Transcript of Green HPC Episode 4: Stop pampering your processors!
This is the transcript for episode four of the Green HPC podcast series, Stop pampering your processors!. You can find out more about the series at the Green HPC podcast series home page, and you can listen to the audio of this episode, find out more about the speakers, and get access to links and presentations that they’ve suggested at the episode 4 homepage.
[0:01] This is Green HPC, an exclusive podcast series from insideHPC.com, the web’s fastest growing source for HPC news, information and commentary.
This episode proudly sponsored by Convey Computer
[0:11] Convey’s hybrid core technology reduces the number of servers in your HPC environment without sacrificing performance. One rack of Convey’s servers replaces up to eight racks of other servers, which means you can rack up 92% lower power and cooling costs.

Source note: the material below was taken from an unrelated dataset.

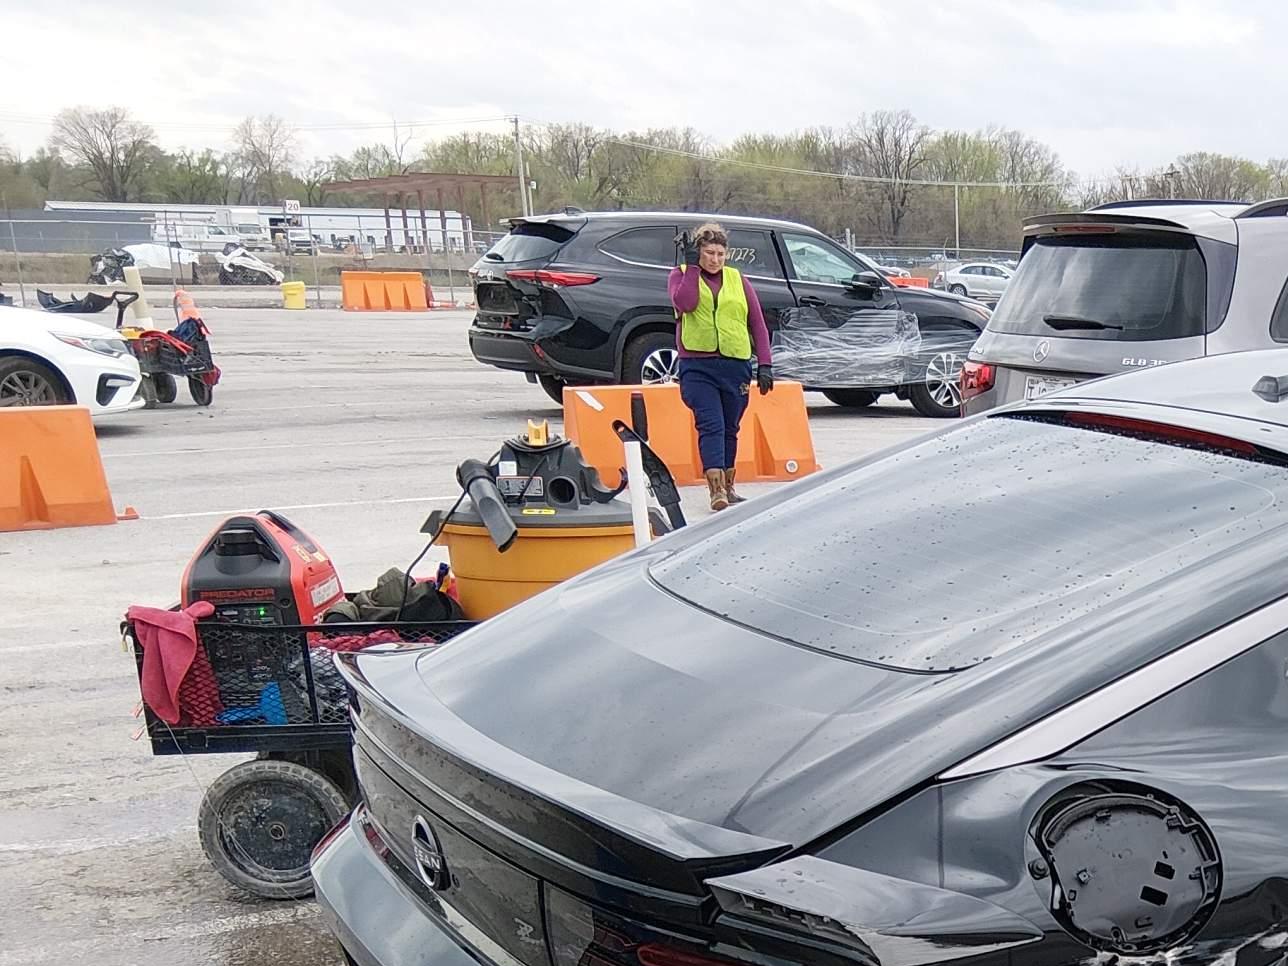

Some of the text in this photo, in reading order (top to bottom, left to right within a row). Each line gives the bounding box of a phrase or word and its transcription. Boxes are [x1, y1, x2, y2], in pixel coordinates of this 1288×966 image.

[288, 203, 299, 211] 20
[1122, 358, 1147, 366] GLB
[200, 589, 275, 598] PREDATOR

[0:32] Overall, if you look around the country we’ve seen, in the high-end space in almost every single computer center that is supporting big computers, a building boom.
[0:41] [musical interlude]
[0:50] This is insideHPC’s podcast series on green HPC. Welcome. I’m your host, John West, the editor of insideHPC.com. The quote you heard at the top of today’s show was Horst Simon talking about the building boom in data centers hosting high-end computing around the world. This building boom is one of the big external effects of the increasing standardization of HPC clusters around mass market components that are cheap to buy. Computers are cheaper, so you can buy more of them as building blocks when you’re putting together your cluster.

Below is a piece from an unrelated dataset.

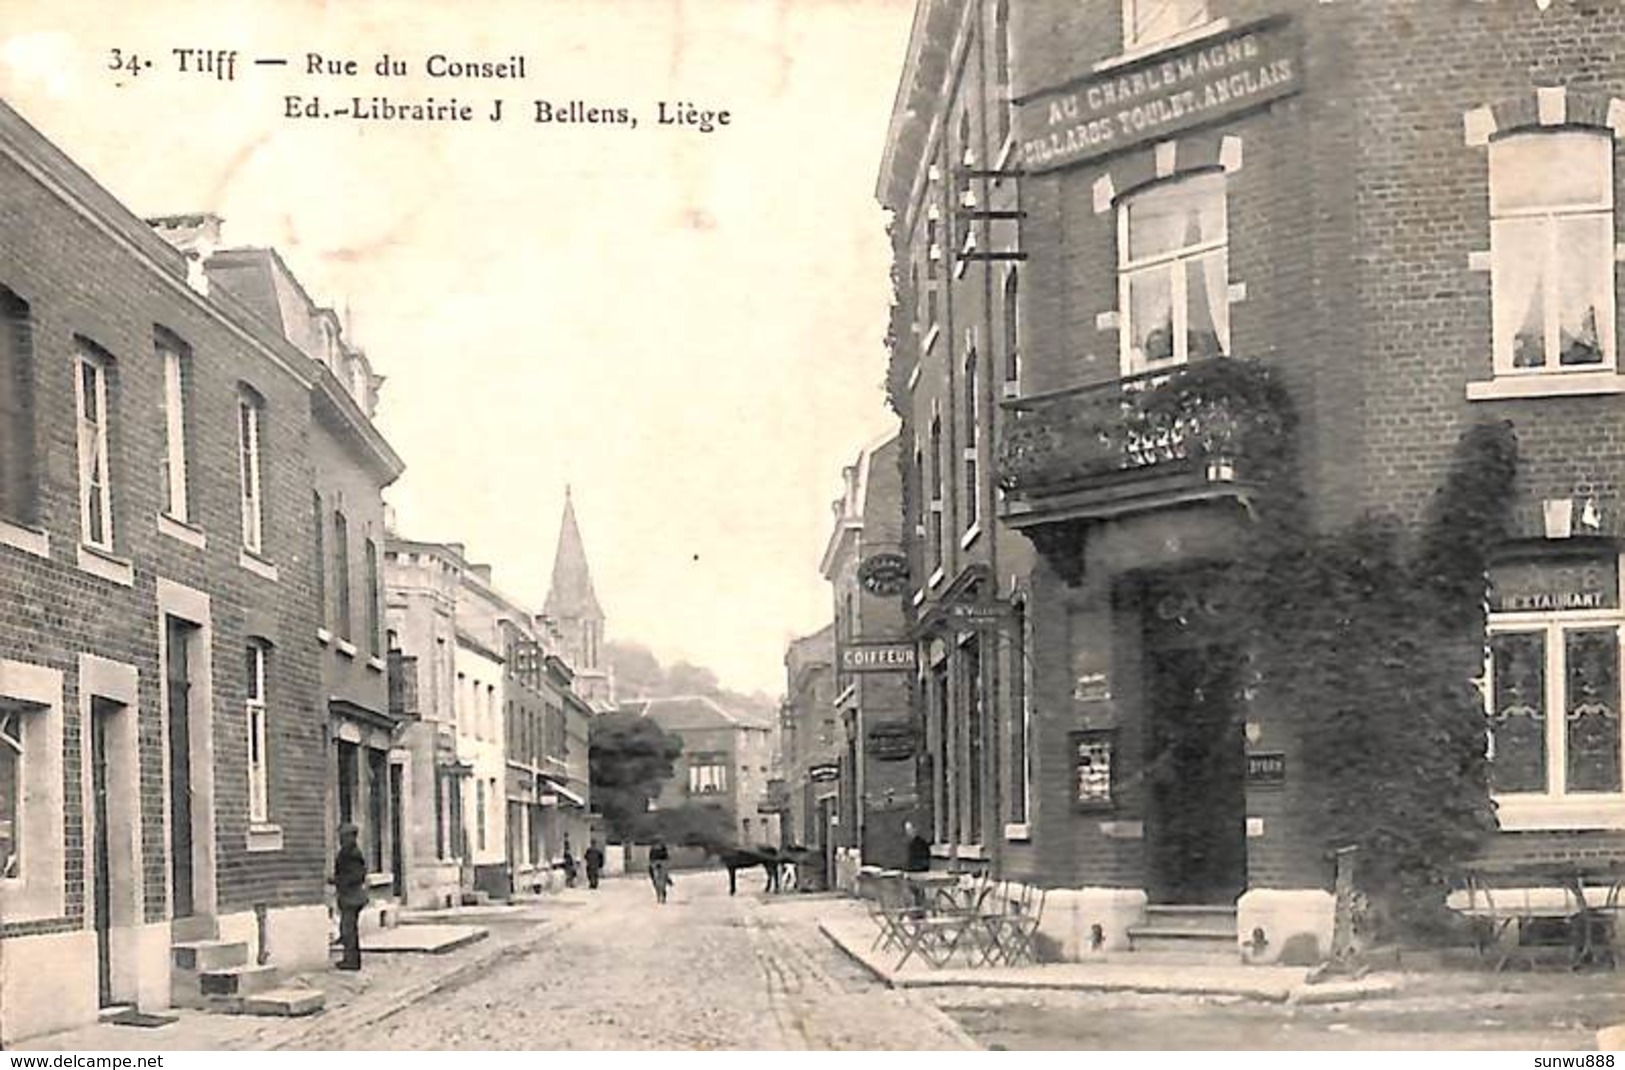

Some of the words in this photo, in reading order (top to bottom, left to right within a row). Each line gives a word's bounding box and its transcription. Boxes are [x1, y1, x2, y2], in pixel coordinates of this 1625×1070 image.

[1049, 100, 1077, 125] AU
[1087, 35, 1258, 109] CHARLEMAGNE
[843, 650, 915, 665] COIFFEUR

[1:21] But cheaper to buy, the capex part of a project’s life cycle if you’re an accountant, is different from cheaper to run. In fact, the operating expenses associated with high-performance computing have grown tremendously. Just in my own career, I’ve gone from a computing center with a single 100-kilowatt supercomputer to a data center that has several megawatt-scale machines all running at the same time.

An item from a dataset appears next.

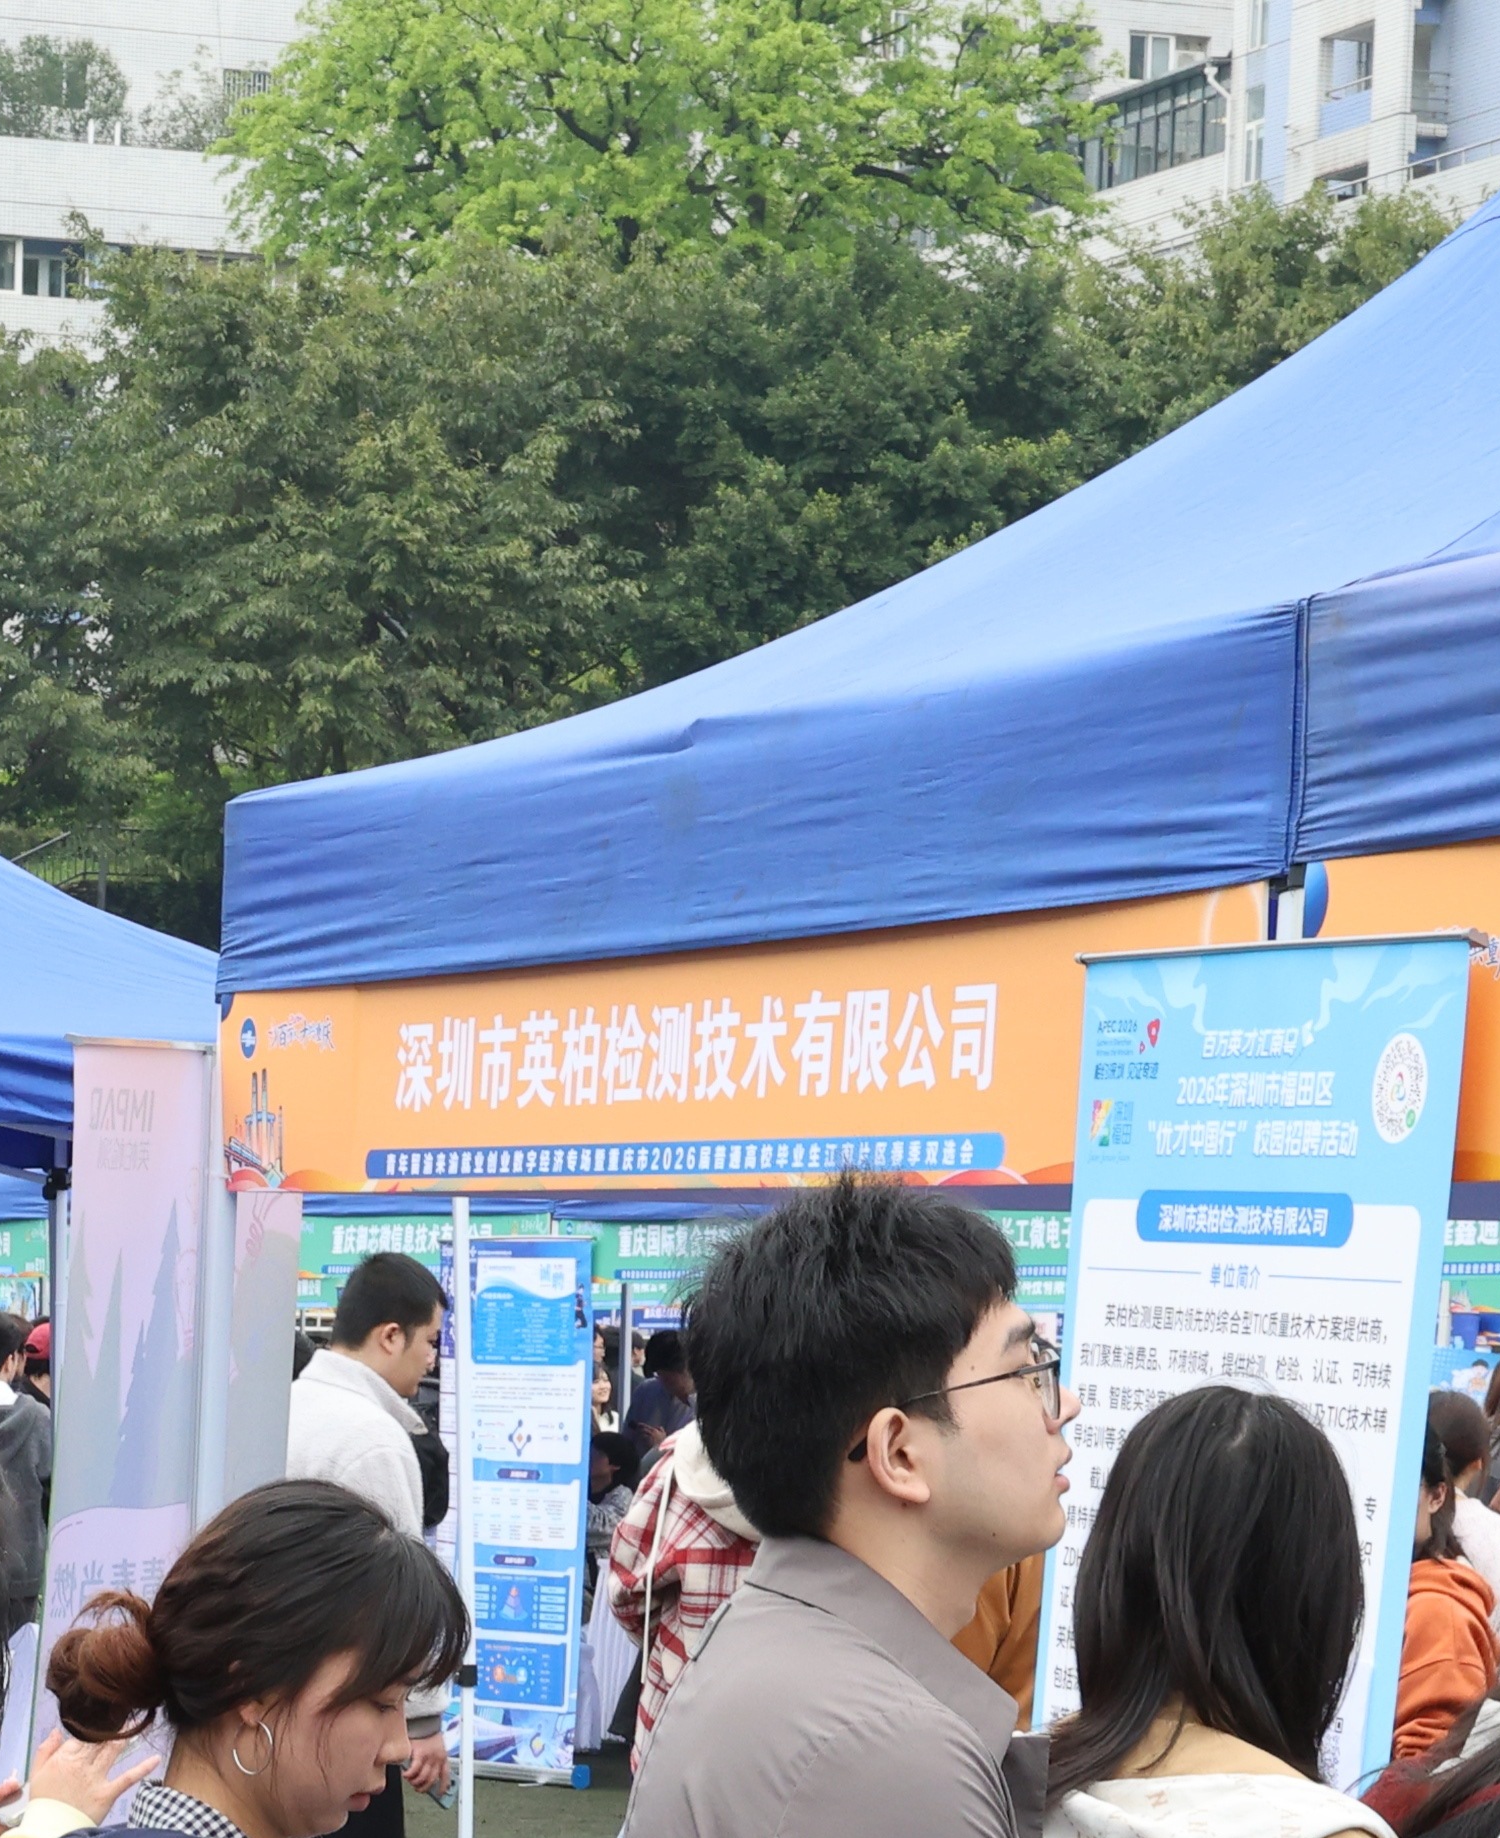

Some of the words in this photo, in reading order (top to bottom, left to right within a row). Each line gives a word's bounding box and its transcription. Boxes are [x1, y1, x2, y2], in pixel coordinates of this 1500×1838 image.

[1:44] As we’ve heard in previous episodes, energy awareness is growing in computing, but that’s not necessarily because we want to help save the planet. Here’s Horst Simon again.
[1:54] I don’t think that the HPC community – and I may be too cynical here – is green at heart. The HPC community has been about computing, and wants to do more computing, will continue to do more computing. So, the HPC community is I believe interested in energy efficiency simply because by reducing the electricity bill you can buy more computers and you can do more computing.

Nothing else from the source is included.